Dataset entries:

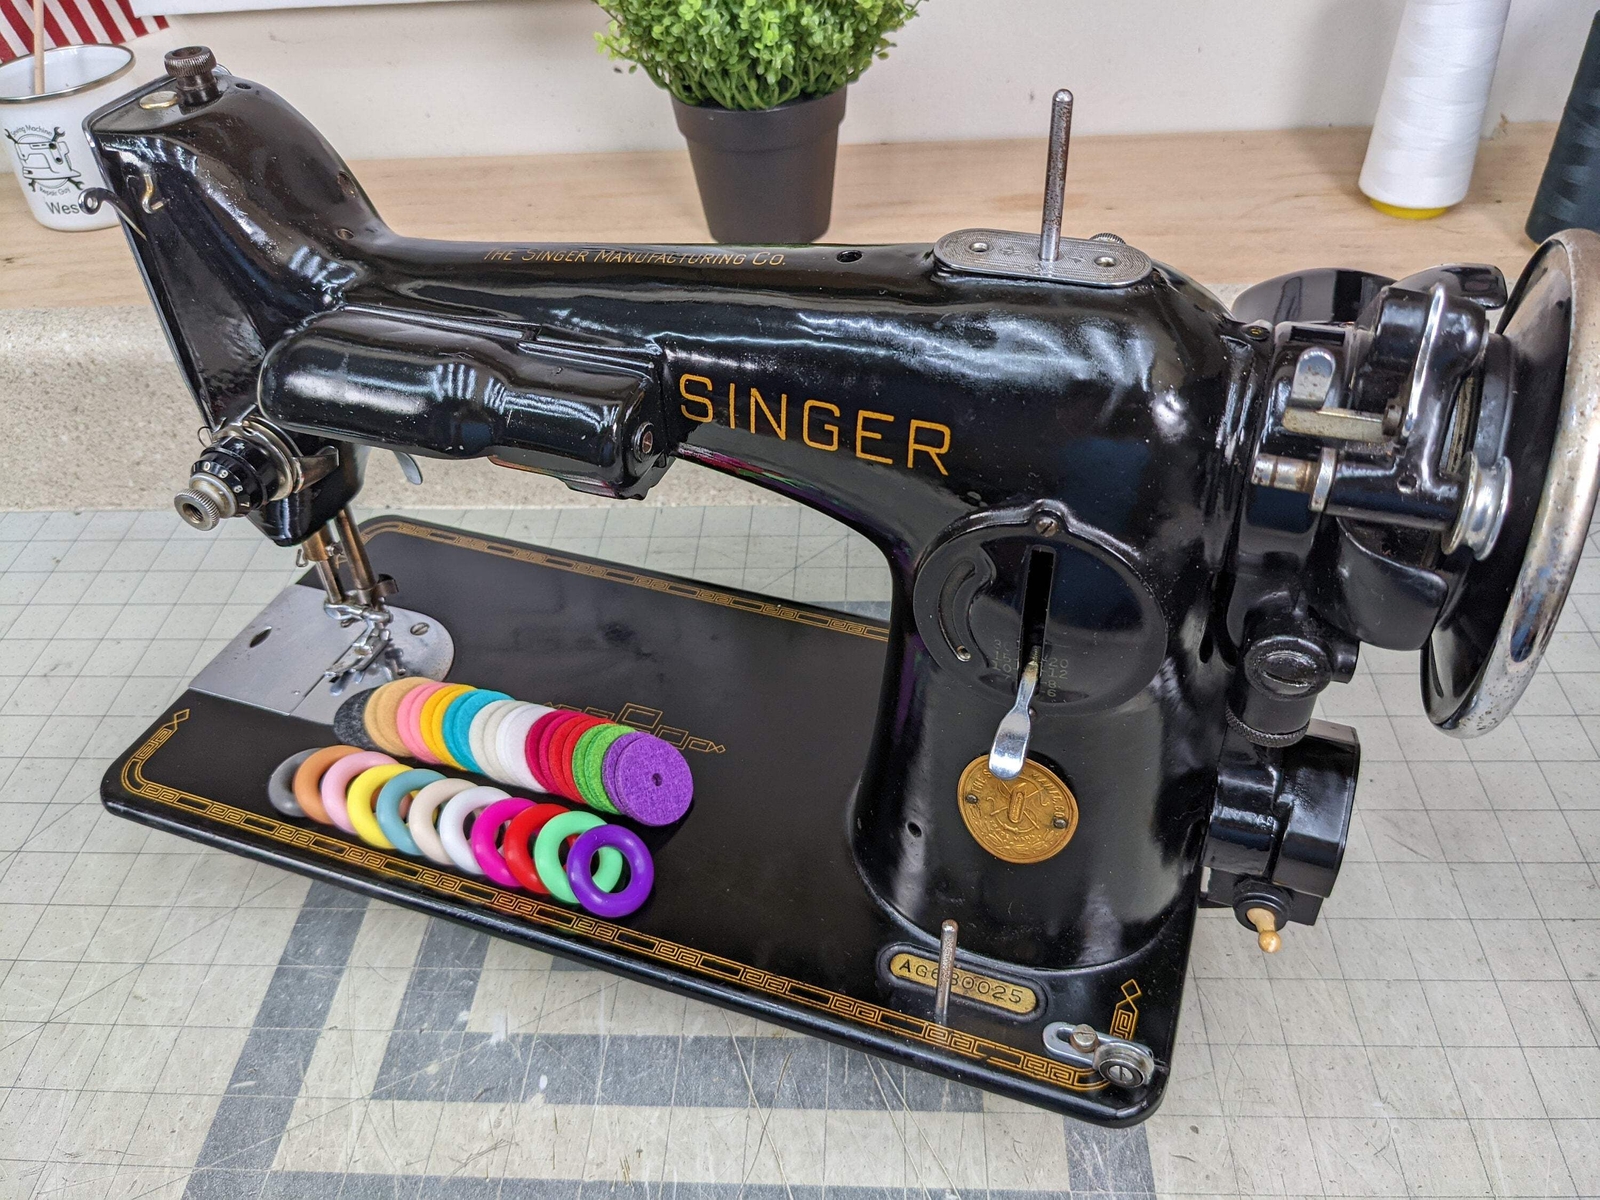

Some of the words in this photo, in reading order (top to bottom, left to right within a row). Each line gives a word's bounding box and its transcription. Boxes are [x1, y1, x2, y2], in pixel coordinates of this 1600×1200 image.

[25, 125, 53, 136] Machine
[58, 187, 71, 196] Guy
[484, 248, 513, 260] THE
[522, 248, 589, 262] SINGER
[593, 249, 746, 265] MANUFACTURING
[751, 251, 786, 266] CO.
[679, 373, 951, 476] SINGER
[1048, 657, 1069, 669] 20
[1048, 667, 1068, 680] 12
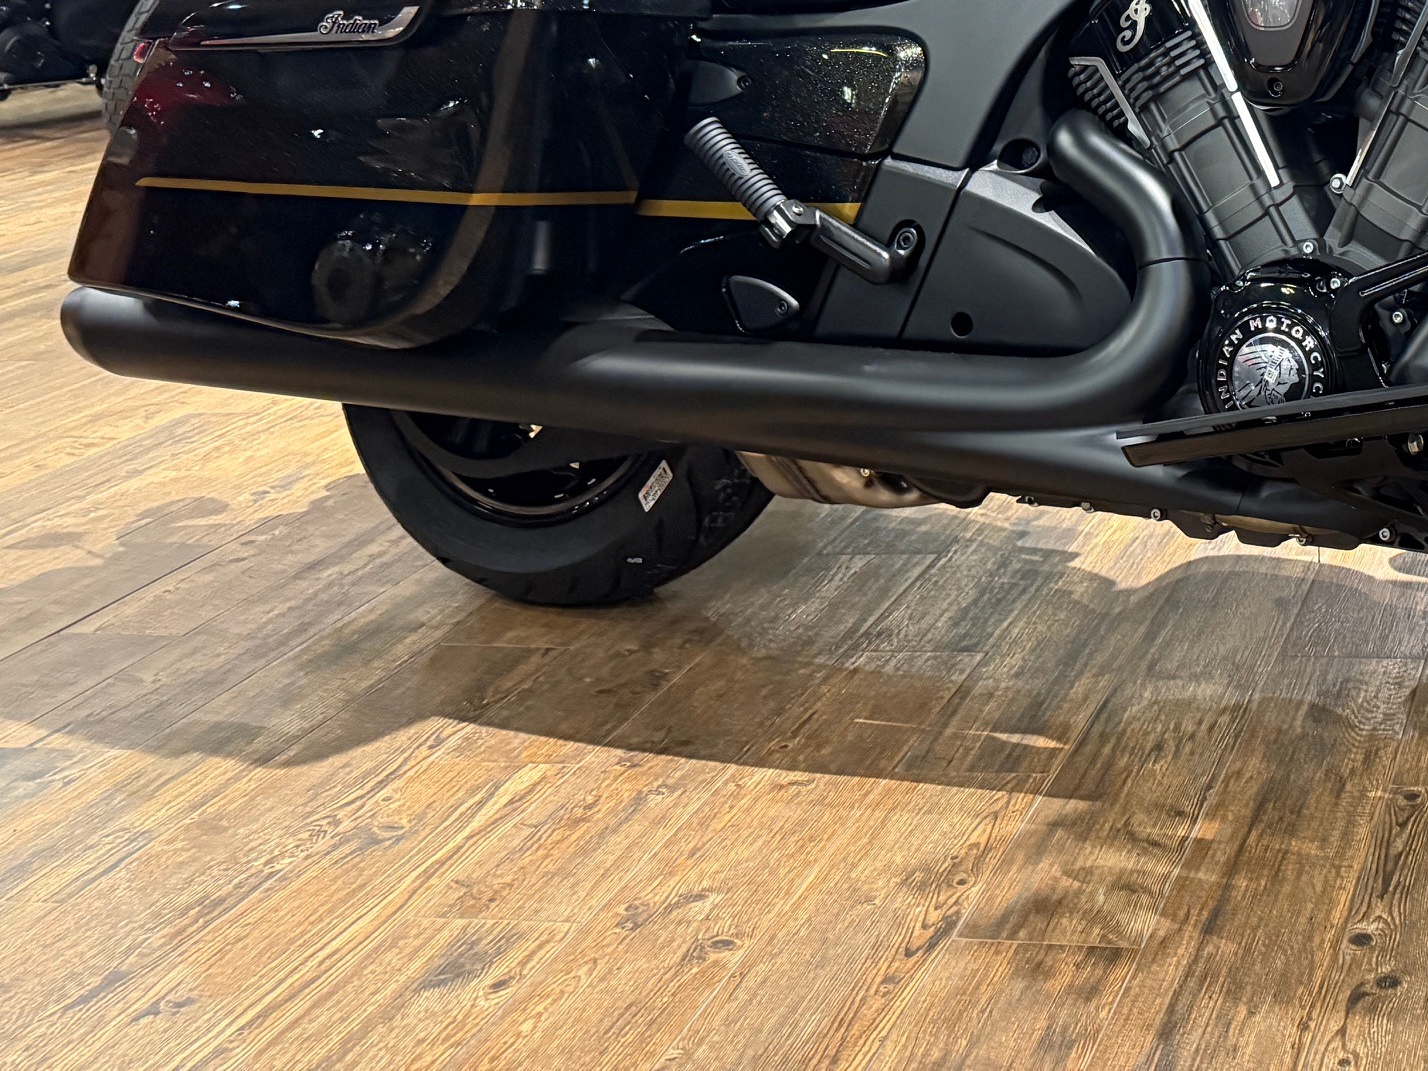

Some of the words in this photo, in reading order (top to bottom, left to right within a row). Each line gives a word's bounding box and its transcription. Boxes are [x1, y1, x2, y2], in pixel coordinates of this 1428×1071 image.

[318, 10, 379, 35] Indian
[1217, 329, 1244, 409] INDIAN
[1249, 315, 1325, 395] MOTORCYC
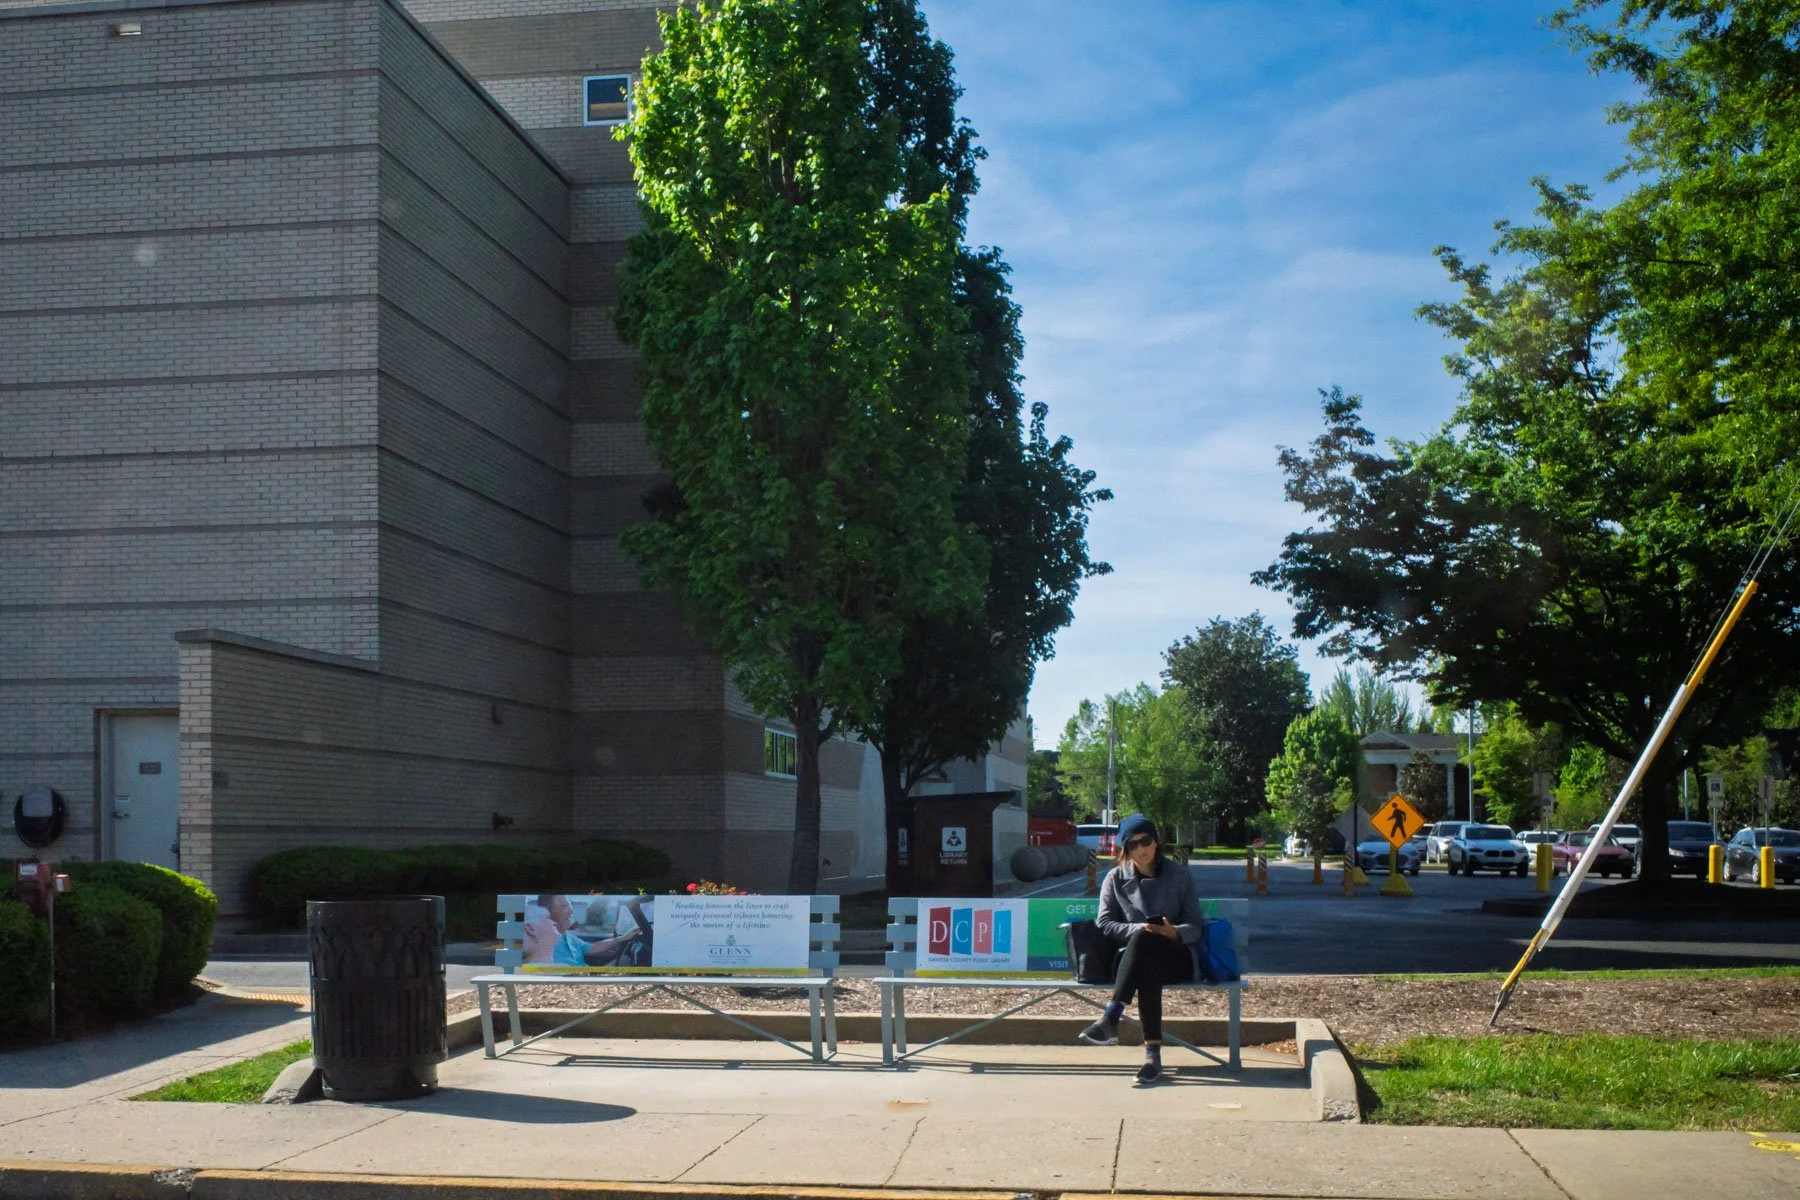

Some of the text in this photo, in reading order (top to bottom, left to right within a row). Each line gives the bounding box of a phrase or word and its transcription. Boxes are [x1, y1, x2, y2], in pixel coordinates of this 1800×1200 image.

[675, 902, 704, 911] Reading
[734, 901, 744, 909] the
[772, 902, 789, 911] craft
[1066, 904, 1087, 914] GET
[670, 912, 700, 921] uniquely
[702, 912, 732, 921] personal
[761, 911, 793, 920] honoring
[725, 922, 734, 930] of
[1049, 960, 1069, 968] VISIT

Task description :: Print each line above exactly as it appears, excluding all images.

The answer ::
Some of the words in this photo, in reading order (top to bottom, left to right within a row). Each line gives a word's bounding box and its transcription. Boxes are [x1, y1, x2, y2], in pixel coordinates of this 1600×1200 image.

[25, 125, 53, 136] Machine
[58, 187, 71, 196] Guy
[484, 248, 513, 260] THE
[522, 248, 589, 262] SINGER
[593, 249, 746, 265] MANUFACTURING
[751, 251, 786, 266] CO.
[679, 373, 951, 476] SINGER
[1048, 657, 1069, 669] 20
[1048, 667, 1068, 680] 12

Some of the words in this photo, in reading order (top to bottom, left to right within a row). Each line gives a word's bounding box and its transcription. Boxes are [x1, y1, x2, y2], in pixel coordinates of this 1428×1071 image.

[318, 10, 379, 35] Indian
[1217, 329, 1244, 409] INDIAN
[1249, 315, 1325, 395] MOTORCYC

Some of the text in this photo, in reading order (top to bottom, left to right within a row). Each line gives the bounding box of a phrase or word and its transcription. Boxes are [x1, y1, x2, y2], in pixel coordinates of this 1800×1200 image.

[675, 902, 704, 911] Reading
[734, 901, 744, 909] the
[772, 902, 789, 911] craft
[1066, 904, 1087, 914] GET
[670, 912, 700, 921] uniquely
[702, 912, 732, 921] personal
[761, 911, 793, 920] honoring
[725, 922, 734, 930] of
[1049, 960, 1069, 968] VISIT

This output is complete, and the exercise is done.